## YOUR GOAL
Leaving the pictures aside, transcribe every line below exactly.

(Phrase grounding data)
========
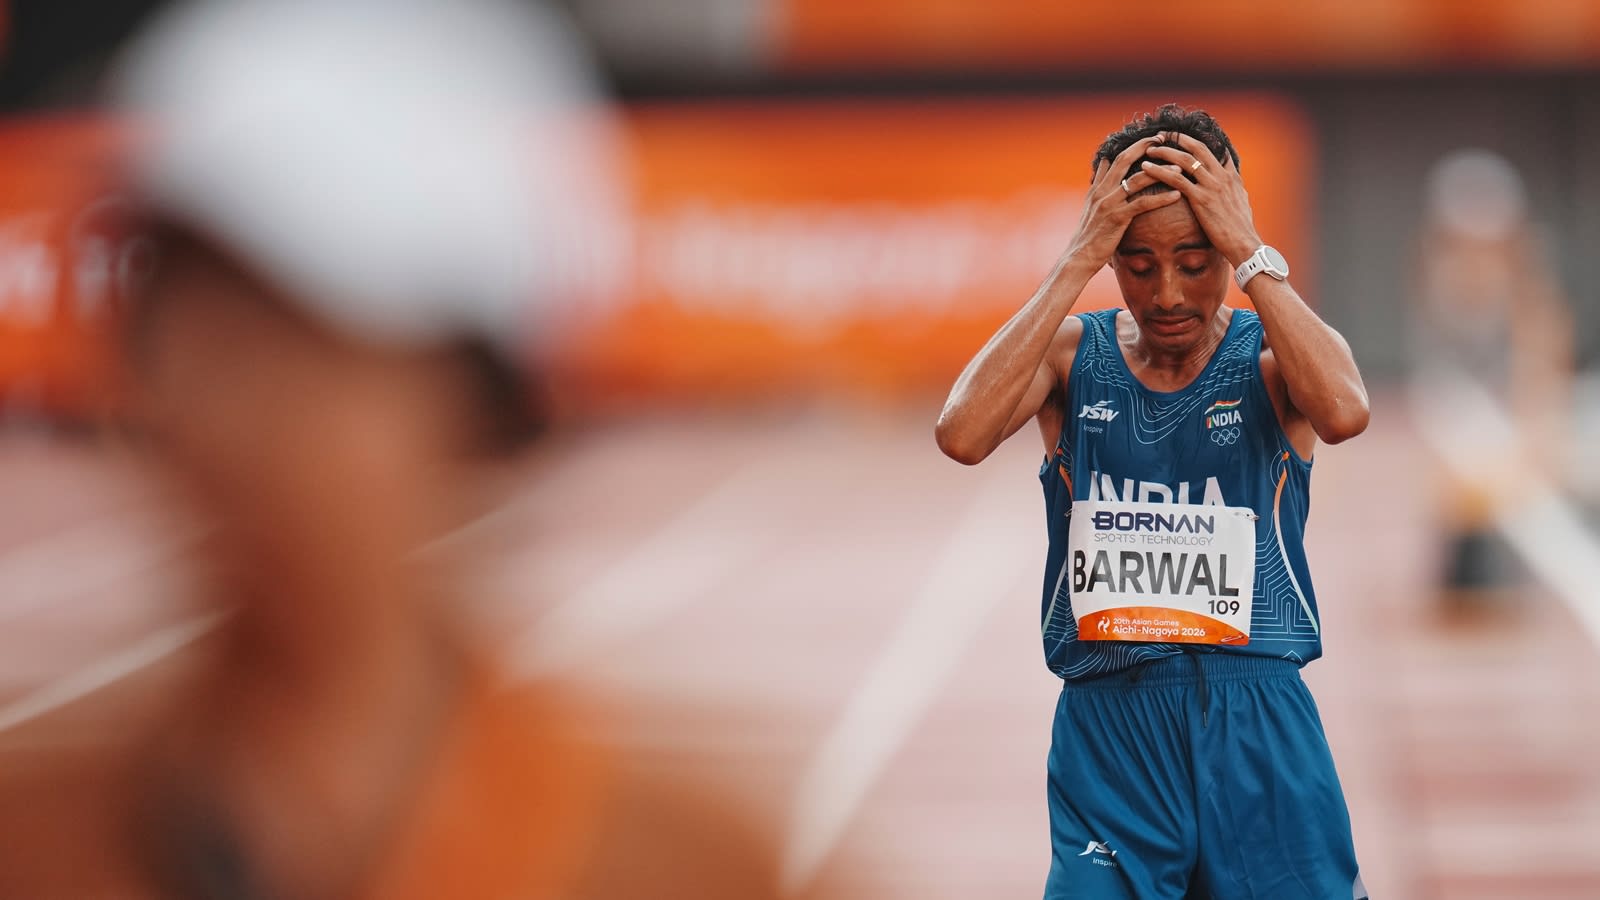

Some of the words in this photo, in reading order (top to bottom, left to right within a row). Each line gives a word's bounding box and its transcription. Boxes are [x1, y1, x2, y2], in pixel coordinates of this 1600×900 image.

[1077, 404, 1120, 423] JSW
[1206, 409, 1243, 429] INDIA
[1091, 511, 1214, 534] BORNAN
[1094, 533, 1136, 544] SPORTS
[1140, 534, 1214, 546] TECHNOLOGY
[1073, 550, 1239, 597] BARWAL
[1207, 600, 1240, 616] 109
[1113, 617, 1130, 625] 20th
[1132, 618, 1152, 626] Asian
[1153, 619, 1180, 627] Games
[1112, 625, 1179, 637] Aichi-Nagoya
[1181, 627, 1206, 637] 2026
========
## WRITTEN RESPONSE
Some of the words in this photo, in reading order (top to bottom, left to right within a row). Each line gives a word's bounding box and its transcription. Boxes are [x1, y1, x2, y2], in pixel coordinates of this 1600×900 image.

[1077, 404, 1120, 423] JSW
[1206, 409, 1243, 429] INDIA
[1091, 511, 1214, 534] BORNAN
[1094, 533, 1136, 544] SPORTS
[1140, 534, 1214, 546] TECHNOLOGY
[1073, 550, 1239, 597] BARWAL
[1207, 600, 1240, 616] 109
[1113, 617, 1130, 625] 20th
[1132, 618, 1152, 626] Asian
[1153, 619, 1180, 627] Games
[1112, 625, 1179, 637] Aichi-Nagoya
[1181, 627, 1206, 637] 2026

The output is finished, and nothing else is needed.